Segment Start: Information
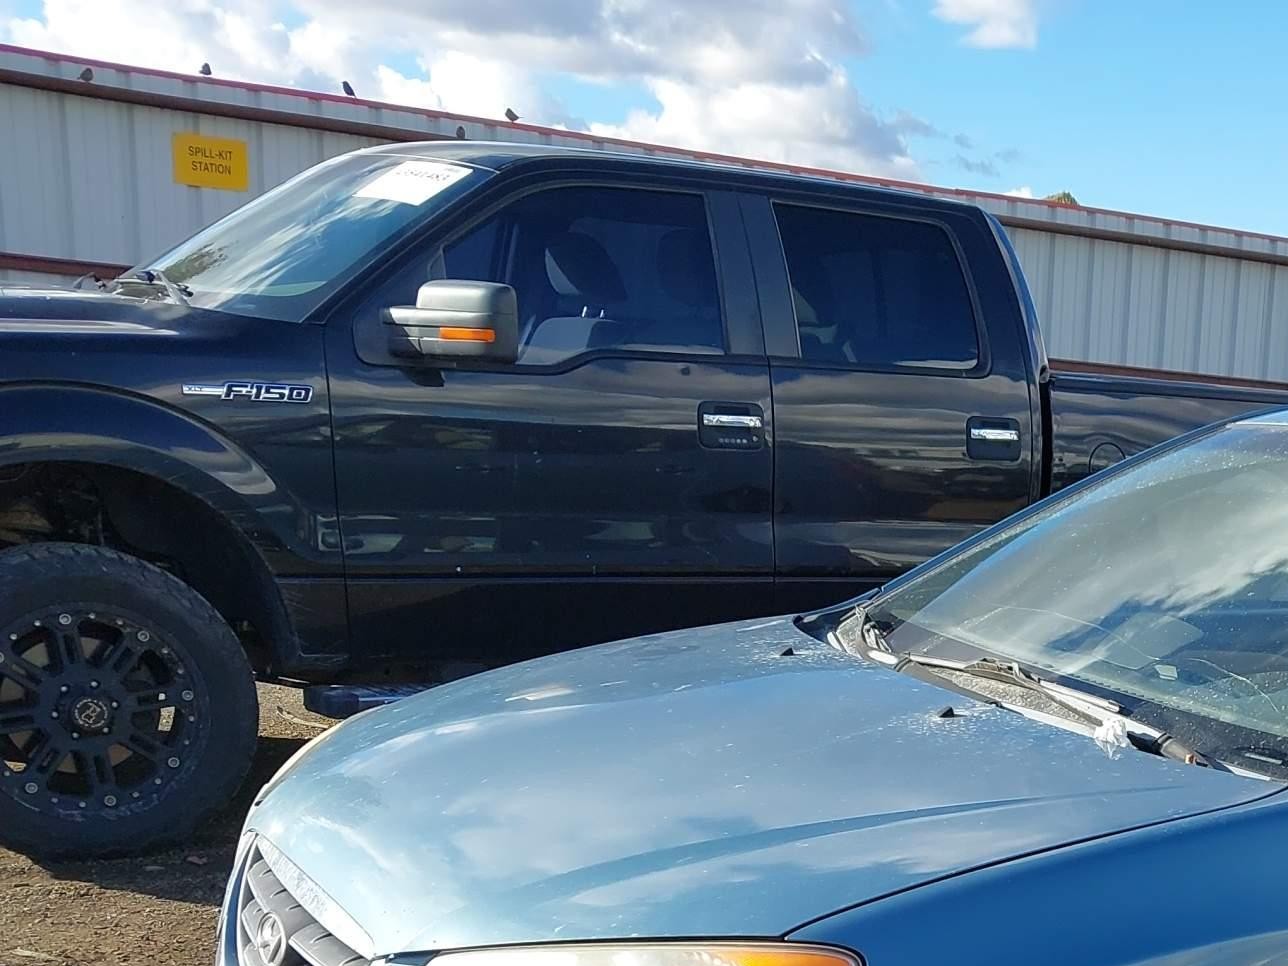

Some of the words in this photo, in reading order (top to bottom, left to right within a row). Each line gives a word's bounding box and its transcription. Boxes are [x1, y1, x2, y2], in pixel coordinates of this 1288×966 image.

[187, 145, 233, 161] SPILL-KIT
[191, 160, 232, 176] STATION
[221, 382, 313, 403] F-150
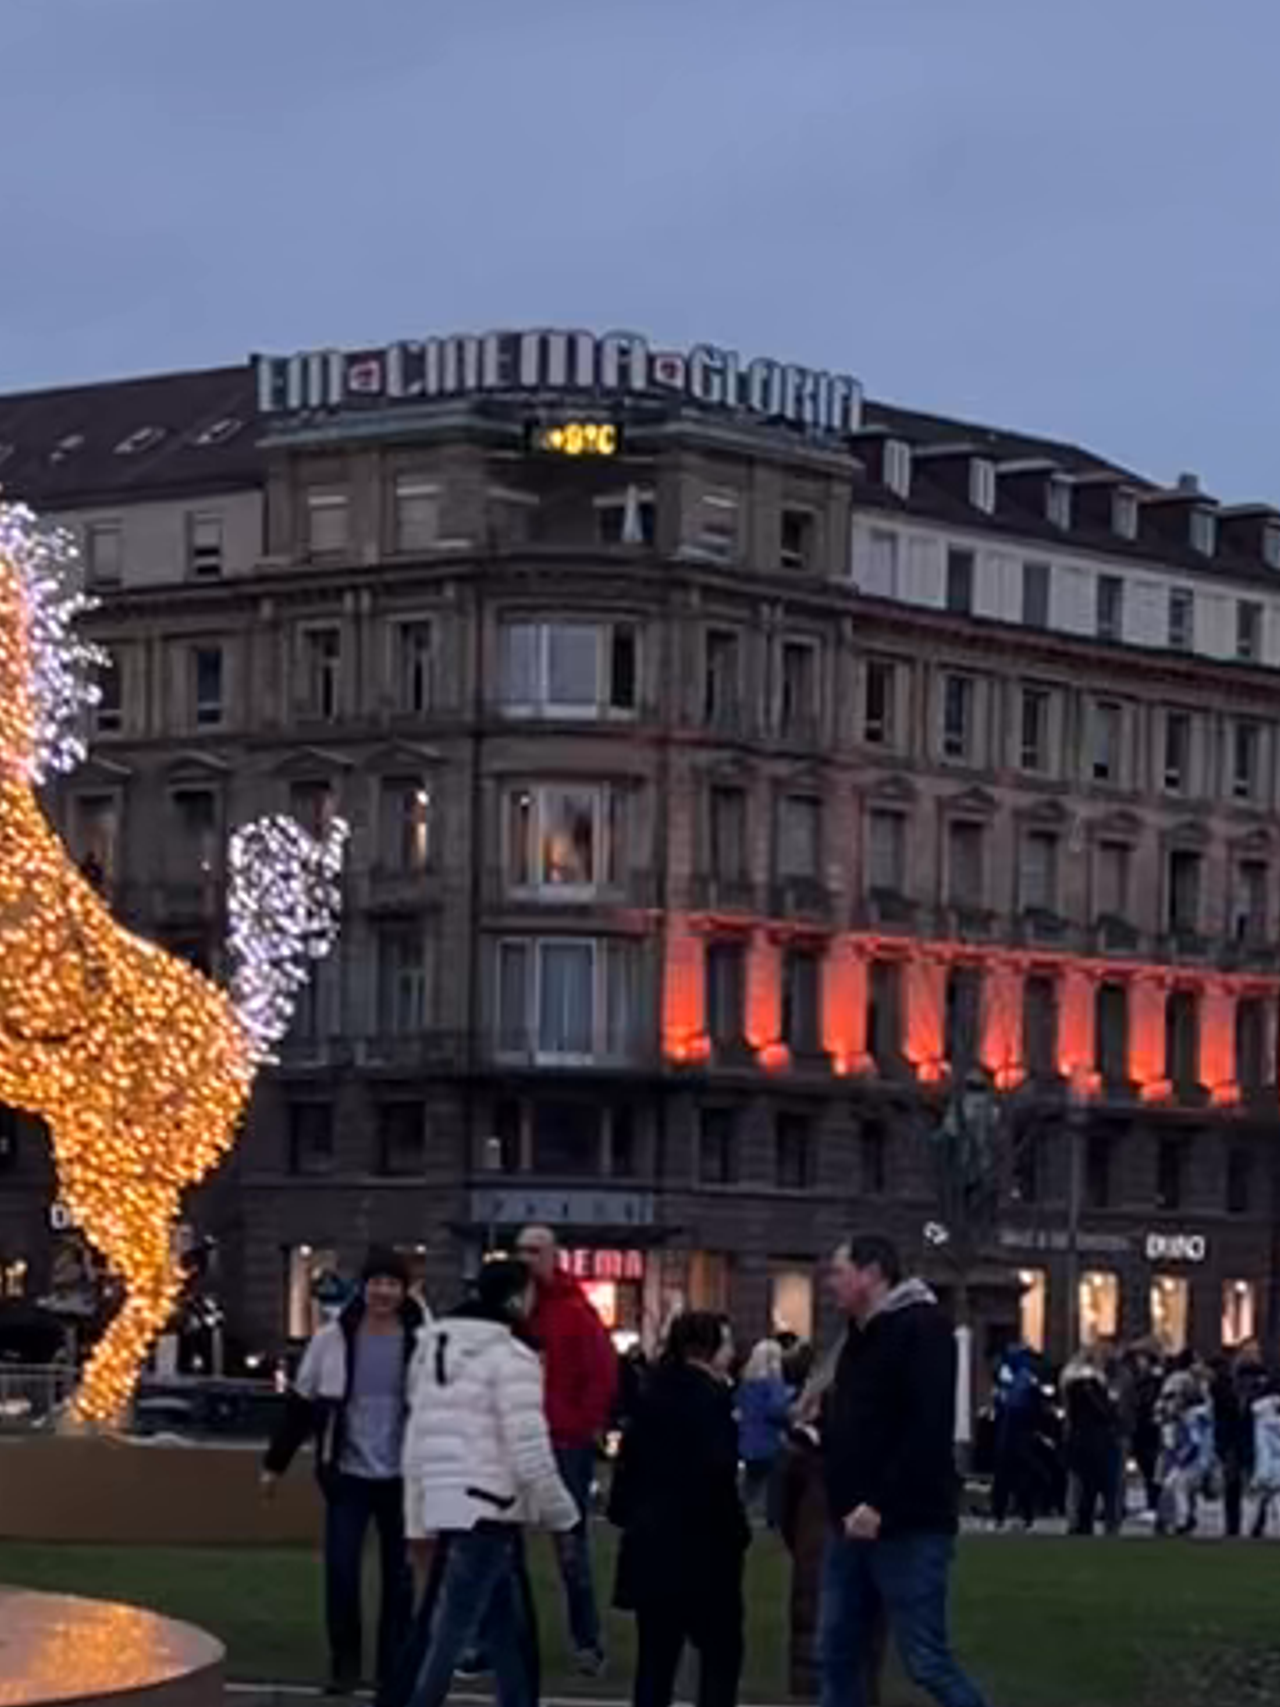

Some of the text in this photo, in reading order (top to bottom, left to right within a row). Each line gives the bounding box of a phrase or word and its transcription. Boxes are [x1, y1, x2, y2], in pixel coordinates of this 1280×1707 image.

[255, 328, 865, 433] EM CINEMA GLORIA
Segment End: Information
* Activity: Without changing a word, retype the data above and omit its pictures.

* Task solution:
Some of the words in this photo, in reading order (top to bottom, left to right within a row). Each line gives a word's bounding box and its transcription. Boxes are [x1, y1, x2, y2], in pixel coordinates of this 1288×966 image.

[187, 145, 233, 161] SPILL-KIT
[191, 160, 232, 176] STATION
[221, 382, 313, 403] F-150

Some of the text in this photo, in reading order (top to bottom, left to right within a row). Each line gives the bounding box of a phrase or word and its transcription. Boxes are [x1, y1, x2, y2], in pixel coordinates of this 1280×1707 image.

[255, 328, 865, 433] EM CINEMA GLORIA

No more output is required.